This could be viewed as what we call a "clamper circuit" The AC voltage
AT THE BASE will have its positive peak "clamped" or moved to +0.7 volts and
the waveform will extend from there as negative as the waveform is tall.

IF we had 5 volts peak (10 volts peak-to-peak) the cap left side, the base
voltage will swing from +0.7 volts to -9.3 volts.


Okay, upon further thought about this there's still something amiss in
my understanding. I take what you say about the cap blocking out the
DC component of the waveform to leave the AC largely unaffected.
However, the term "clamping" AIUI means the diode lops off anything
over about 0.7 volts from the input waveform (ie, it conducts it away
to ground) so around half of it is lost (half wave rectification).
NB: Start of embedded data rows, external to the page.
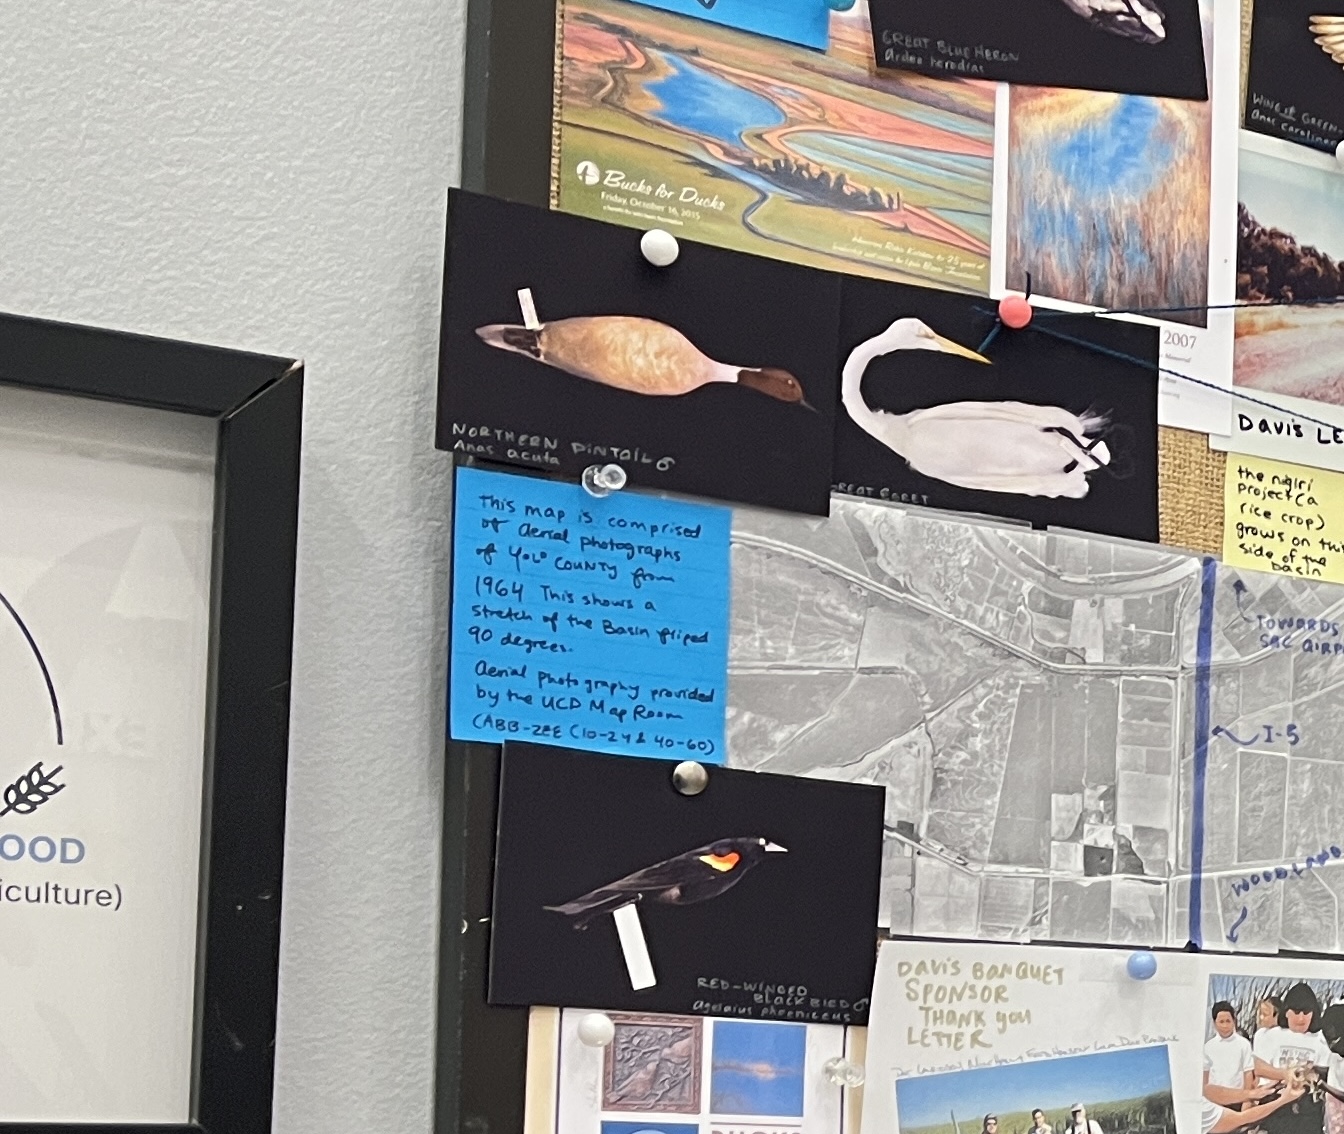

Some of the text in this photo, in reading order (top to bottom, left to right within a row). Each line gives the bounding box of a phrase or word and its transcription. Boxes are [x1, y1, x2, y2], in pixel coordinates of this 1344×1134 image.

[603, 170, 725, 211] Bucks for Ducks
[1163, 329, 1197, 349] 2007
[1237, 465, 1264, 482] the
[479, 495, 701, 539] This map is comprised
[1240, 503, 1325, 531] rice crop)
[1237, 522, 1285, 542] grows
[1292, 536, 1310, 547] on
[580, 536, 681, 563] photographs
[1282, 550, 1297, 564] of
[476, 543, 675, 588] of from
[475, 575, 634, 611] 1964 This shows
[472, 603, 532, 622] stretch
[543, 612, 558, 632] of
[603, 619, 650, 637] Basin
[468, 625, 492, 644] 90
[476, 684, 499, 707] by
[541, 695, 581, 711] UCD
[589, 699, 627, 722] Map
[652, 686, 715, 703] provided
[971, 961, 1064, 983] BANQUET
[906, 980, 1009, 1004] SPONSOR
[919, 1006, 985, 1029] THANK
[907, 1024, 992, 1049] LETTER
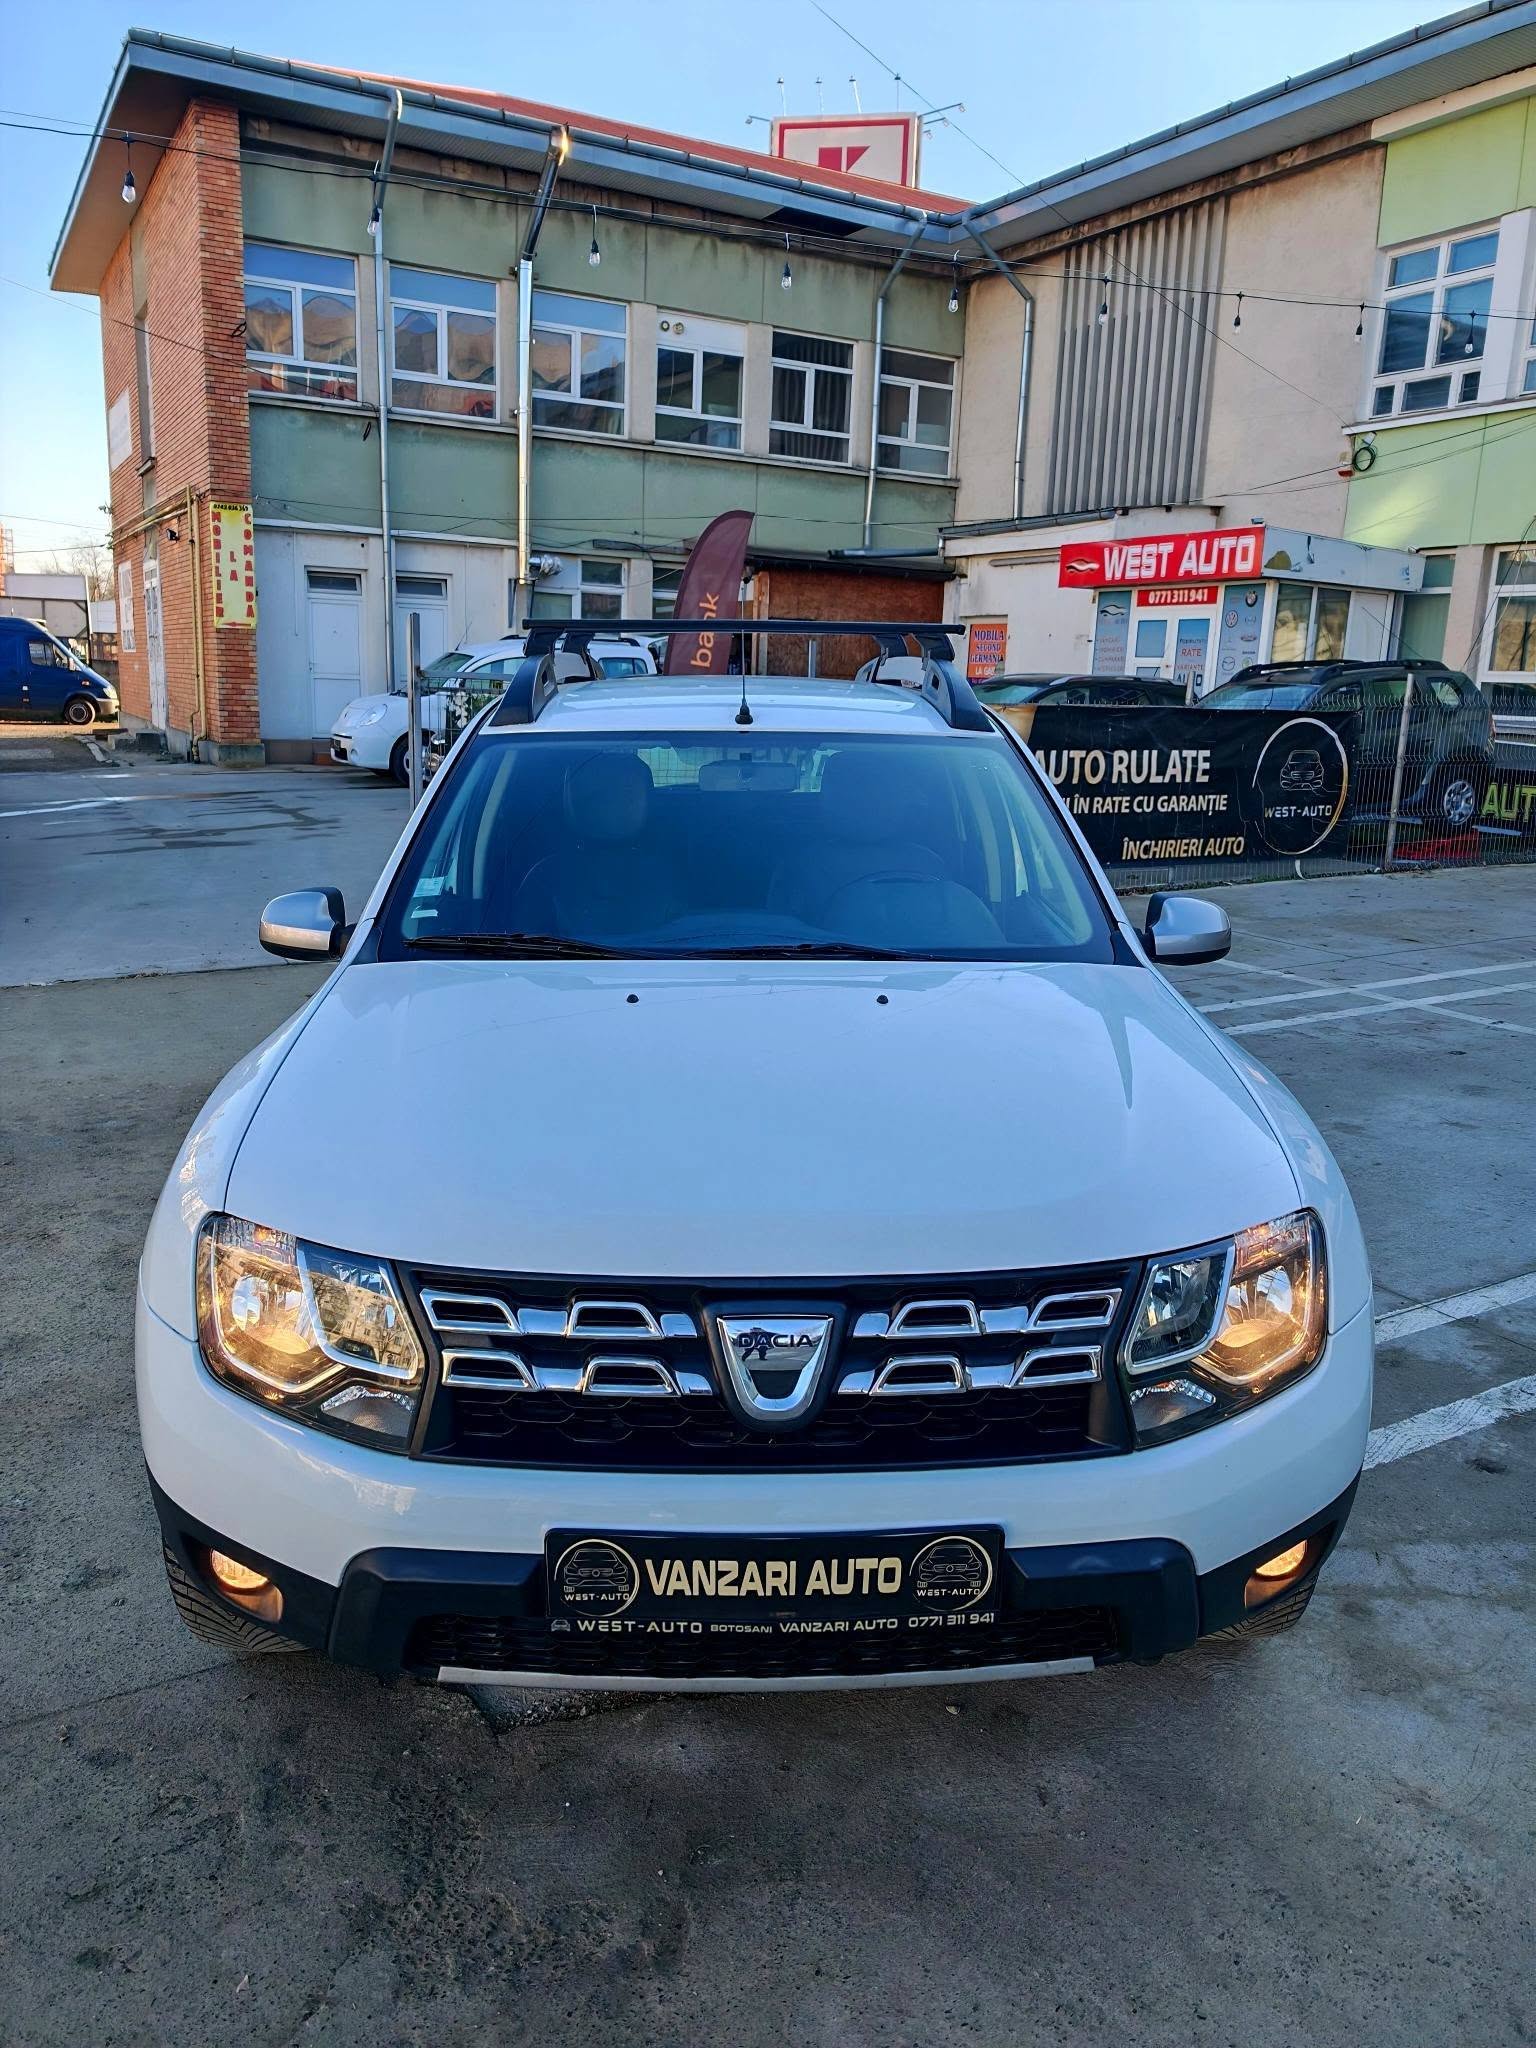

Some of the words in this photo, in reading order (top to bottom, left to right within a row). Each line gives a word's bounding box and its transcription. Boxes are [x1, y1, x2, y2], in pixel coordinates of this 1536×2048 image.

Now
you state (and the spice progs agree) that what *actually* happens in
this case is that the whole AC waveform gets shifted south into
negative territory. It's still a full wave, but it's way down into
the negative and only the highest peaks just creep above zero volts.
Is this effect *solely* attributable to the steady build-up of
negative charge on the cap's RHS? I think what's really freaking me
out here is the fact that the signal source is grounded on the neg.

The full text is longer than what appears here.